Triduo Pasquale - 28-31 marzo 2024 - Anno B
- don luigi
- 28 mar 2024
- Tempo di lettura: 10 min
L’amore che salva

“Prima della festa della Pasqua, Gesù, sapendo che era giunta la sua ora di passare da questo mondo al Padre, dopo aver amato i suoi che erano nel mondo, li amò sino alla fine” (Gv 13,1).
È il versetto che, forse più di tutti, riassume la parabola salvifica di Cristo compiuta nell’arco della sua vita e più specificamente attraverso l’Evento Pasquale della sua passione, morte e risurrezione. In questo versetto sembrano convergere, infatti, tutti i brani biblici che la Chiesa ci propone durante il Triduo Pasquale[1], nel quale veniamo introdotti a partire dalla celebrazione della Messa in Caena Domini [2]del Giovedì Santo[3].

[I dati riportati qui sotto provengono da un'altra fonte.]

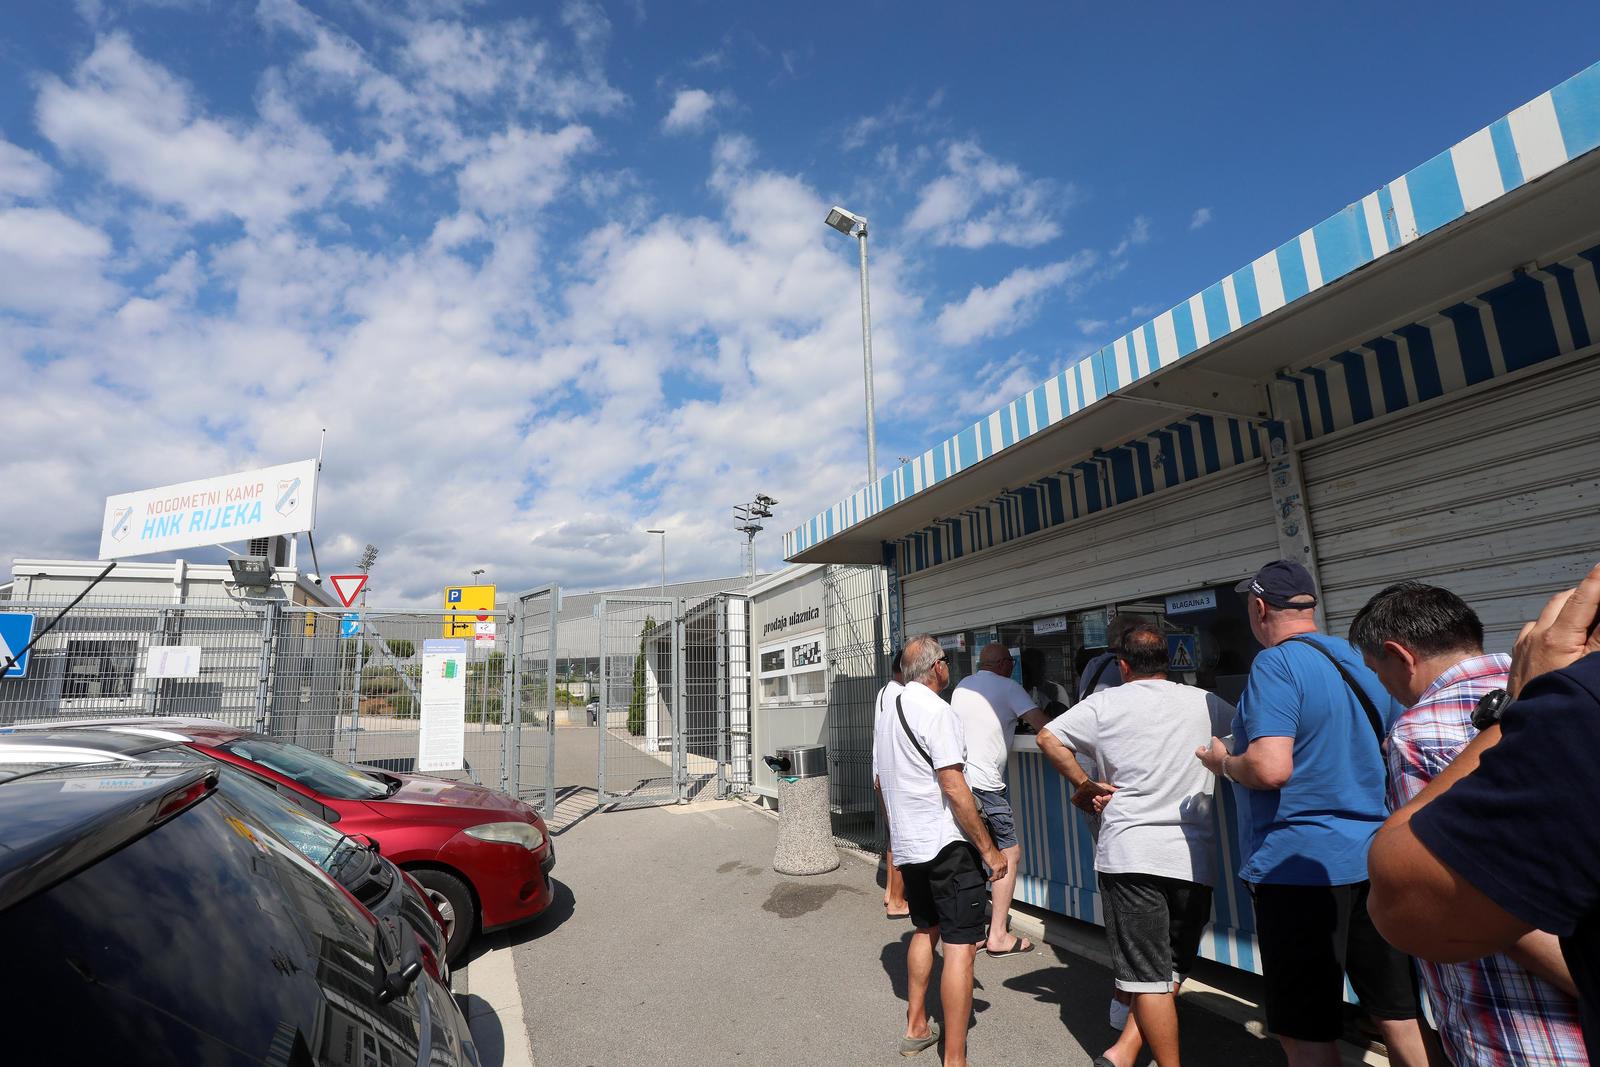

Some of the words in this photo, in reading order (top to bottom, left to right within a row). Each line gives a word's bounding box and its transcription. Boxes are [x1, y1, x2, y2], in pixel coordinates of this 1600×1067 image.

[147, 491, 221, 515] NOGOMETNI
[226, 483, 264, 502] KAMP
[141, 513, 184, 540] HNK
[188, 501, 262, 533] RIJEKA
[451, 591, 459, 601] P
[763, 615, 787, 637] prodaja
[789, 606, 819, 626] ulaznica
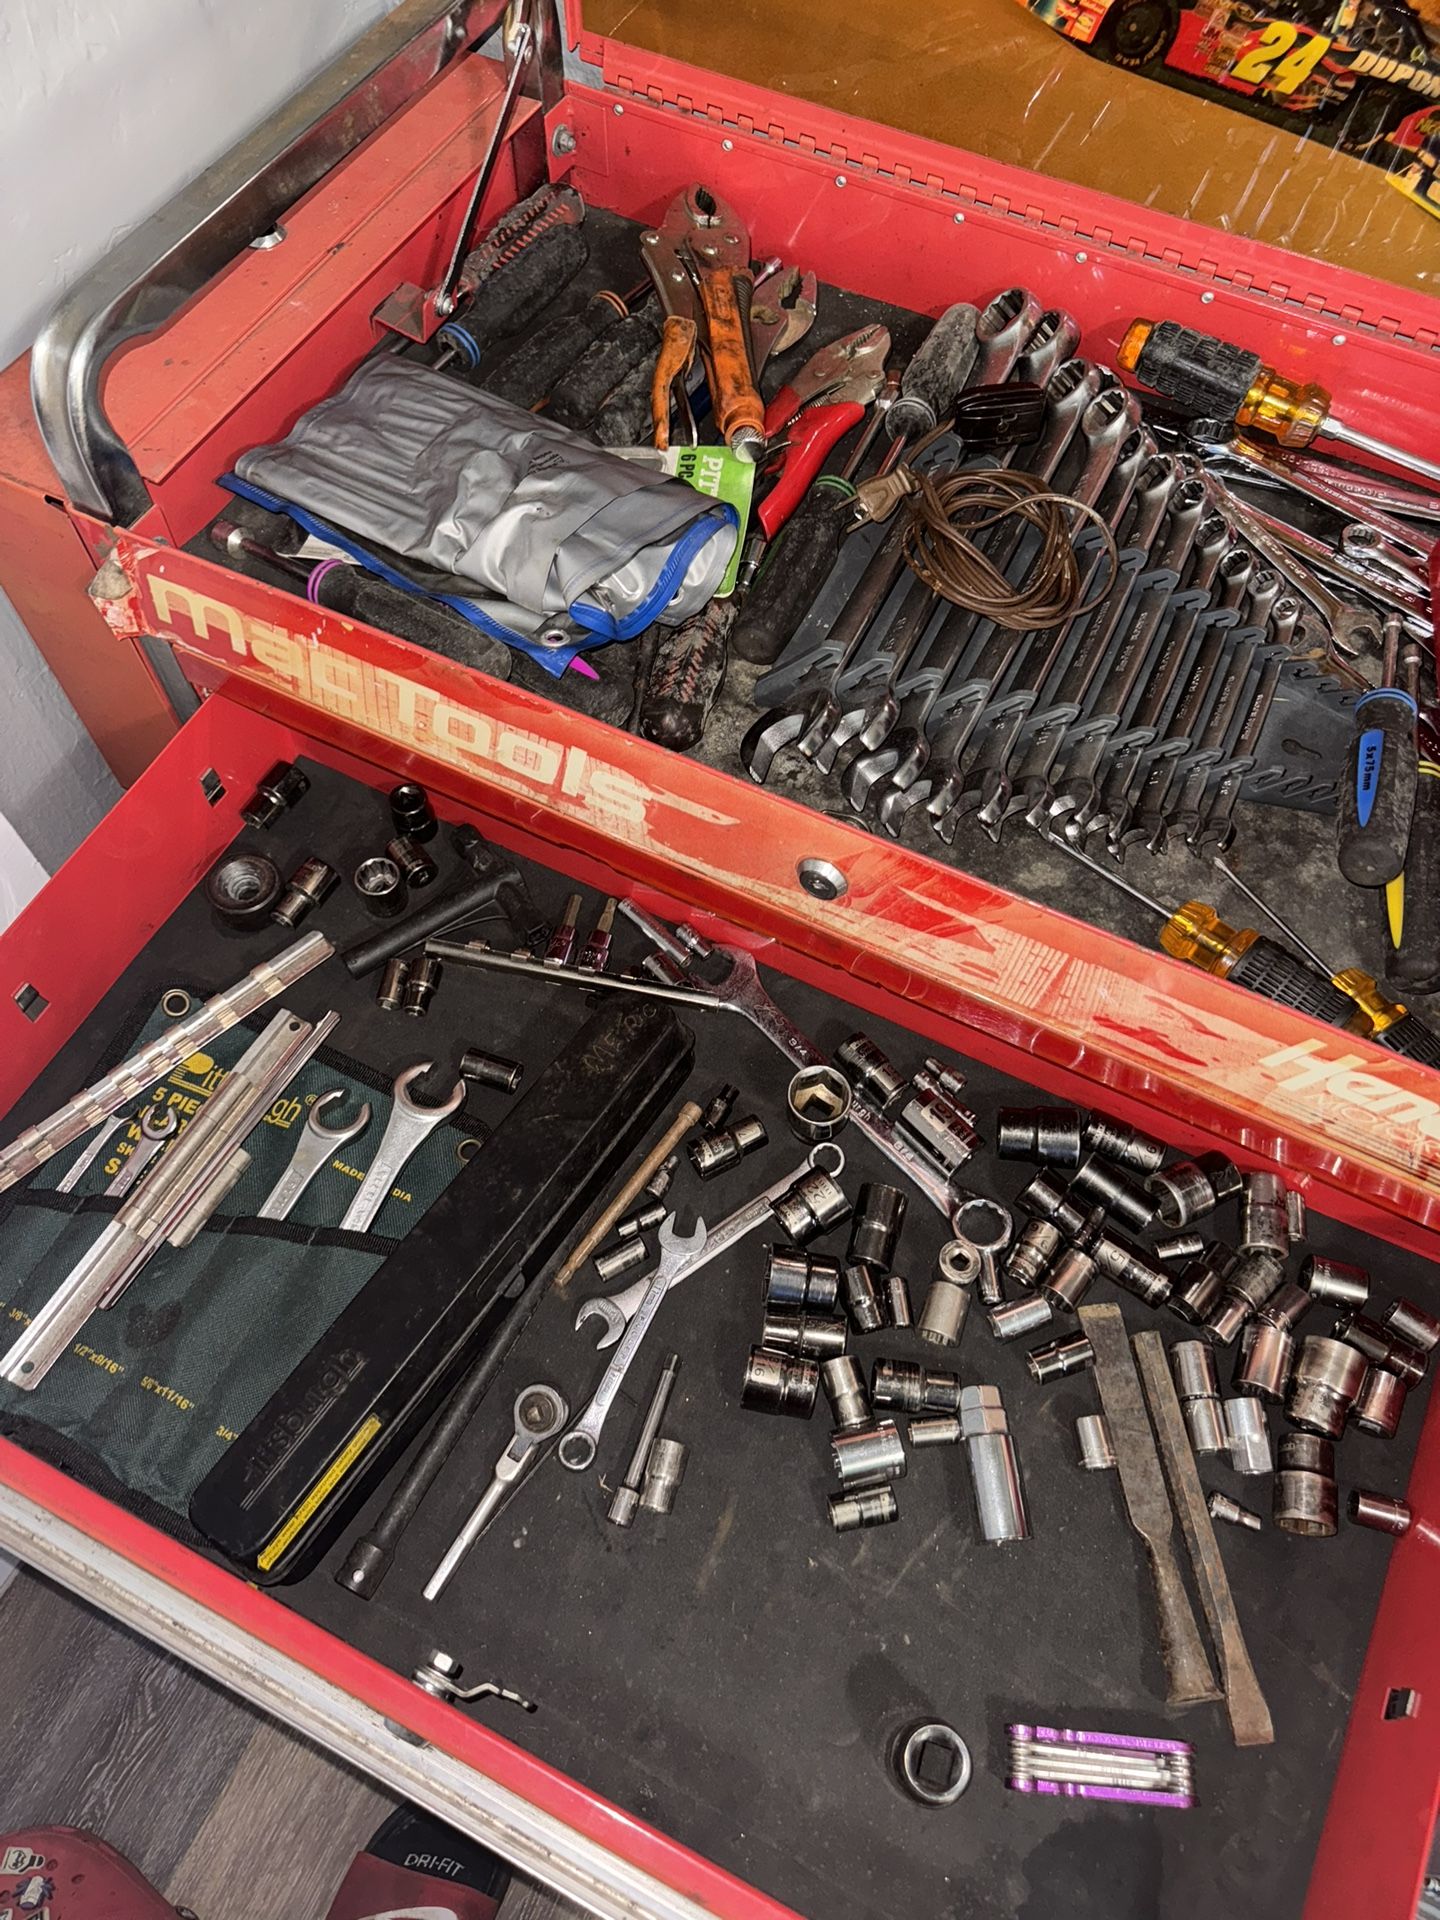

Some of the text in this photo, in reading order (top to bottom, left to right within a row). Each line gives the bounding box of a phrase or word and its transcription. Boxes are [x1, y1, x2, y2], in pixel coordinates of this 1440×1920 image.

[1230, 20, 1333, 95] 24
[680, 454, 697, 462] 6
[1362, 746, 1377, 791] 5x75mm
[152, 1087, 205, 1114] 5 PIE
[332, 1159, 413, 1202] MADE DIA
[73, 1343, 125, 1375] 1/2"x9/16"
[215, 1425, 239, 1442] 3/4"
[403, 1853, 464, 1876] DRI-FIT

Nel tentativo di mettere a fuoco il nucleo teologico di questo speciale tempo liturgico ci lasceremo guidare, nella nostra riflessione, da alcune domande: perché il Triduo Pasquale è così fondamentale per la nostra fede cristiana? Quali sono gli eventi che lo caratterizzano? Perché la passione, la morte e la risurrezione di Gesù assumono un valore redentivo? Cos’hanno di speciale rispetto alla passione e morte di tutti gli uomini? Si tratta, com’è evidente, di domande molto impegnative, ma estremamente importanti, perché dalla loro risposta scaturisce la possibilità di dare ragione della nostra fede (cf. 1Pt 3,15-16) e di cogliere il segreto della nostra salvezza. Personalmente mi auguro di introdurvi in questo mistero d’amore sforzandomi di individuare ed esplicitare alcune parole chiavi, come: sacrificio, consegna, dono, passaggio.

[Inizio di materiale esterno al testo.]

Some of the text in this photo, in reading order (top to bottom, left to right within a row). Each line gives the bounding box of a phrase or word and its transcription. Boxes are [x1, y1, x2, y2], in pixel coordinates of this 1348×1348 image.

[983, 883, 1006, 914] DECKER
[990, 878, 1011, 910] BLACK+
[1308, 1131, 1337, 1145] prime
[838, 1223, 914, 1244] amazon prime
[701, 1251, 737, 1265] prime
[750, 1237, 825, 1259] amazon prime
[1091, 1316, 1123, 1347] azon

In senso largo il termine sacrificio [4] sta a indicare l’atto con cui viene offerto a Dio un dono, a scopo propiziatorio. Secondo la mentalità religiosa, ogni cosa ha origine da Dio e a lui viene riconsegnata in segno della propria gratitudine. In questo senso esso può essere praticato come forma di ringraziamento, oppure per implorare il suo aiuto in caso di pericolo. Anche in ambito biblico il sacrificio viene praticato per ristabilire la riconciliazione con Dio, a seguito del peccato. Per questo motivo esso può assumere una duplice forma: cruenta e incruenta, ovvero con e senzaspargimento di sangue. Quando l’offerta prevede il dono di un prodotto della terra, allora si parla di sacrificio incruento; quando invece l’offerta prevede il dono di un animale che viene ucciso e poi interamente bruciato e consumato dal fuoco, allora si parla di sacrificio cruento. In questo caso il termine specifico è olocausto. L’animale previsto per questo tipo di sacrificio è solitamente l’agnello, simbolo di purezza e innocenza. Il suo uso ha radici antichissime e rimanda al rito della Cena Pasquale istituita da Mosè. L’offerta dell’agnello, col relativo spargimento di sangue, sta ad indicare che la vita, di cui il sangue è simbolo, viene da Dio e a Dio ritorna purificata dal sacrificio. Mediante quest’atto l’offerente consente di purificare il proprio peccato e quello del suo popolo, simboleggiando così il ritorno all’innocente condizione della vita originaria.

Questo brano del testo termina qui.